Heroes: “An Invisible Thread”

In a development that surprises nobody, Sylar survives his apparent death, and Nathan tries to keep him from meeting President Worf . Meanwhile, Hiro regains his powers, but he can only use them at a serious cost, and the episode ends with a not entirely surprising twist that, given the series history, need not really mean anything.

Most shocking….

…to me is that they still use the ponderous, intrusive voiceover.

But we have a range of opinions at the Bureau. Who thinks Heroes should have another season? Who would write a letter supporting another season if it is canceled? Who won’t bother watching? Who actively feels it should go, now?

16 replies on “Heroes: “An Invisible Thread””

  1. I was done with Heroes 3 episodes into this season. No amount of lipstick on this pig will make it beautiful enough for me to kiss it again.

  2. WTF? WTF? WTF?
    These writers are killing me. I’m beginning to believe that the characters aren’t stupid, it’s just the writers.
    Where to begin?
    Why is it that Clair’s blood can bring her adopted father back to life but not her real dad?
    Why on Earth would Mrs. Patrelli want Sylar to impersonate Nathan? That seemed totally out of character for her and Noah.
    What exactly happened to Sylar when he shook Worf’s hand? At first I though Worf had the power to take people’s power, or at least disrupt them. Which would have actually been really cool.
    Hiro’s problem makes no sense. He’s the only one who has physical repercussions from using his powers?

    I wonder if the writers spent all their brain power on the middle of the season and had nothing left for the finally. Someone needs to tell them that the BSG style of writing yourself into a corner and seeing if you can writer your way out of it only works if you are as good as the writers on BSG.

    • I was asking myself the same question about Claire’s blood.
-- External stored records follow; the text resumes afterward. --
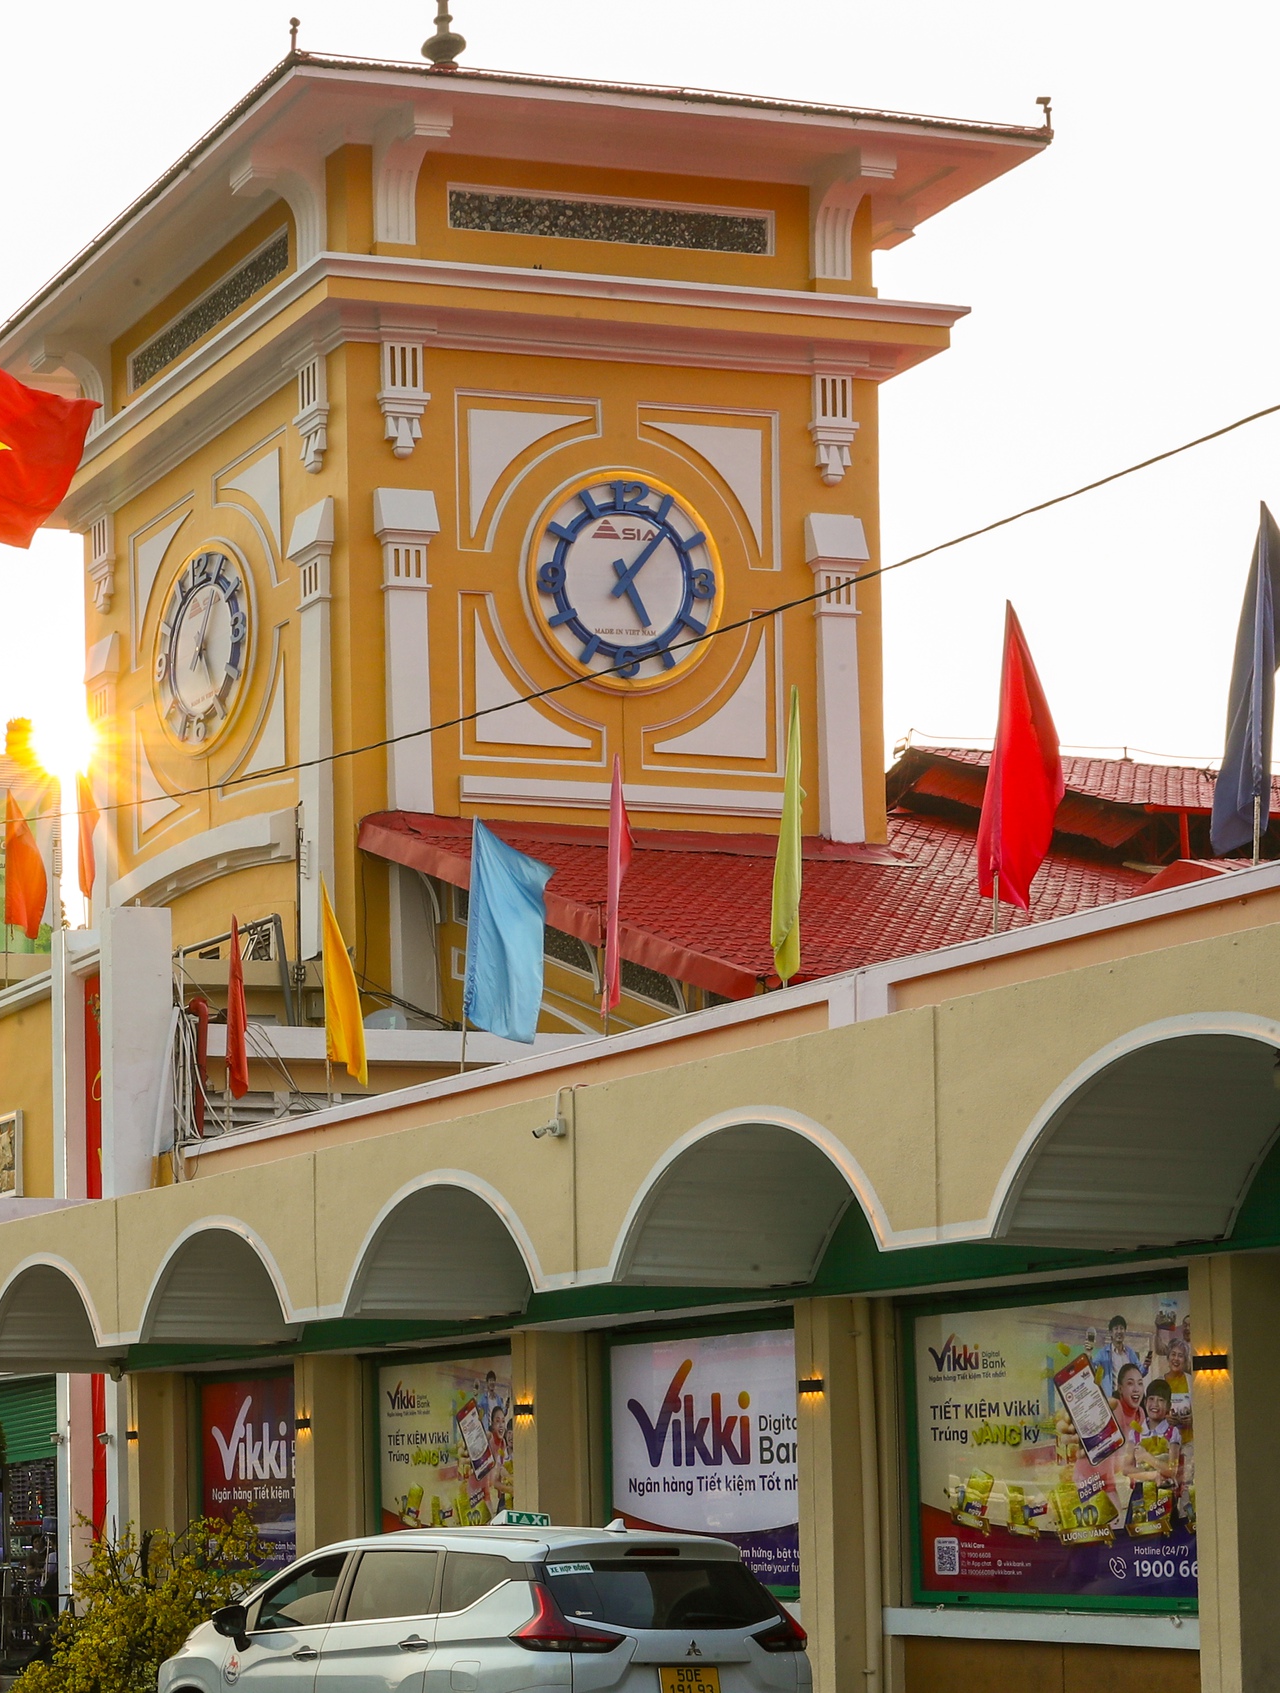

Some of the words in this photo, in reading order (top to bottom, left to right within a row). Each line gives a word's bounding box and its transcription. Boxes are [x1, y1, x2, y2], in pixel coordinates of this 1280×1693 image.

[610, 480, 650, 511] 12
[188, 554, 208, 588] 12
[537, 561, 566, 594] 9
[691, 568, 716, 599] 3
[230, 611, 246, 643] 3
[641, 628, 657, 637] NAM
[155, 653, 168, 682] 9
[614, 647, 640, 677] 6
[192, 714, 207, 742] 6
[928, 1332, 979, 1372] Vikki
[982, 1358, 1006, 1369] Bank
[386, 1380, 416, 1410] Vikki
[627, 1359, 751, 1468] Vikki
[930, 1398, 961, 1420] TIẾT
[965, 1399, 1000, 1422] KIỆM
[1003, 1399, 1040, 1417] Vikki
[758, 1414, 797, 1435] Digita
[930, 1426, 968, 1444] Trúng
[972, 1421, 1023, 1446] VÀNG
[1024, 1425, 1040, 1443] ký
[211, 1395, 287, 1480] Vikki
[388, 1429, 405, 1446] TIẾT
[407, 1430, 427, 1448] KIỆM
[429, 1431, 449, 1444] Vikki
[388, 1450, 410, 1464] Trúng
[411, 1447, 439, 1467] VÀNG
[233, 1486, 252, 1502] hàng
[253, 1484, 269, 1499] Tiết
[271, 1486, 290, 1502] kiệm
[629, 1475, 660, 1496] Ngân
[663, 1475, 694, 1496] hàng
[696, 1471, 722, 1492] Tiết
[725, 1474, 756, 1496] kiệm
[758, 1471, 781, 1492] Tốt
[1073, 1504, 1099, 1527] 10
[752, 1546, 775, 1560] hứng,
[777, 1547, 792, 1561] bật
[1134, 1546, 1161, 1555] Hotline
[1162, 1546, 1189, 1556] (24/7)
[750, 1561, 772, 1573] ignite
[773, 1564, 790, 1574] your
[1133, 1560, 1175, 1578] 1900
[677, 1669, 702, 1682] 50E
Perhaps he was dead too long? No idea.

      They wanted Sylar to impersonate Nathan because if word got out that Nathan was murdered by someone “special” the situation would have gotten very, very bad for them. It was more of a CYA maneuver.
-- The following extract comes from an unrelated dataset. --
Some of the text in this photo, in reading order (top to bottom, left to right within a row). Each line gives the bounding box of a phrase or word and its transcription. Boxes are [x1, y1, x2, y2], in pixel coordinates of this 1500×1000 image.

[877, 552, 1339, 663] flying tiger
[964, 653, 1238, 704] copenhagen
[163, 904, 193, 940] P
      Hiro had physical problems, perhaps, because his was the only power regained from contact with baby Parkman, and not from the Serum/Chemical X/Promicin/Eclipse-fu/whatever.

      The finale was ok, but left me unsatisfied. There are some interesting ways that this show could go, but it seems like they find the weakest paths.
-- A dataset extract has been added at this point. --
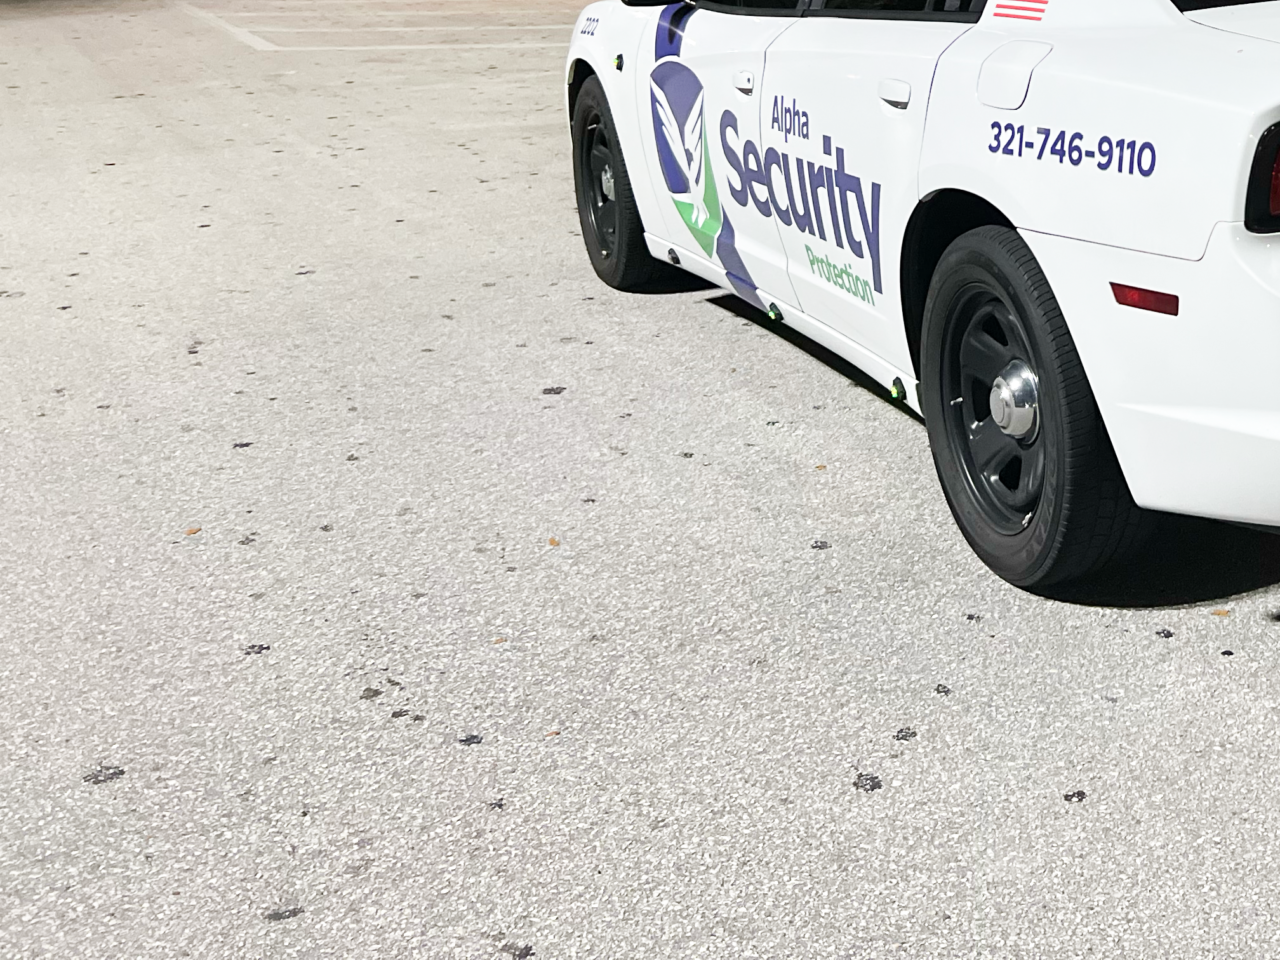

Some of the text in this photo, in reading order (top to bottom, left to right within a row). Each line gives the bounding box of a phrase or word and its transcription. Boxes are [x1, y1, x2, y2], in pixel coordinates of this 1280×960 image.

[771, 95, 810, 143] Alpha
[988, 120, 1156, 178] 321-746-9110
[719, 109, 883, 295] Security
[804, 243, 876, 307] Protection
      I’d much rather see Chuck continue on than this show. Especially after last night’s finale (on both counts. Chuck had a very strong finale, IMHO, and Heroes was so-so).

      • HRG was dead for quite a while. They hauled his corpse back to Primatech before they used her blood on him.

        And I agree about Chuck. I was trying to figure out, based on the penultimate episode, if they were ending the series, but they managed to set up some interesting stuff in the finale. I wonder if they’ll be able to keep the same flavor the first two seasons, but I’m actually eager to see the next season and find out.

        • While I am extremely interested in what will happen next season on Chuck, they did a very good job of wrapping up the most interesting open story lines, and they left other minor sub-plots open ended but not unresolved in a way that left me feeling unfulfilled. It made for a great season or series finale, but I would still be disappointed if it wasn’t picked up for next year.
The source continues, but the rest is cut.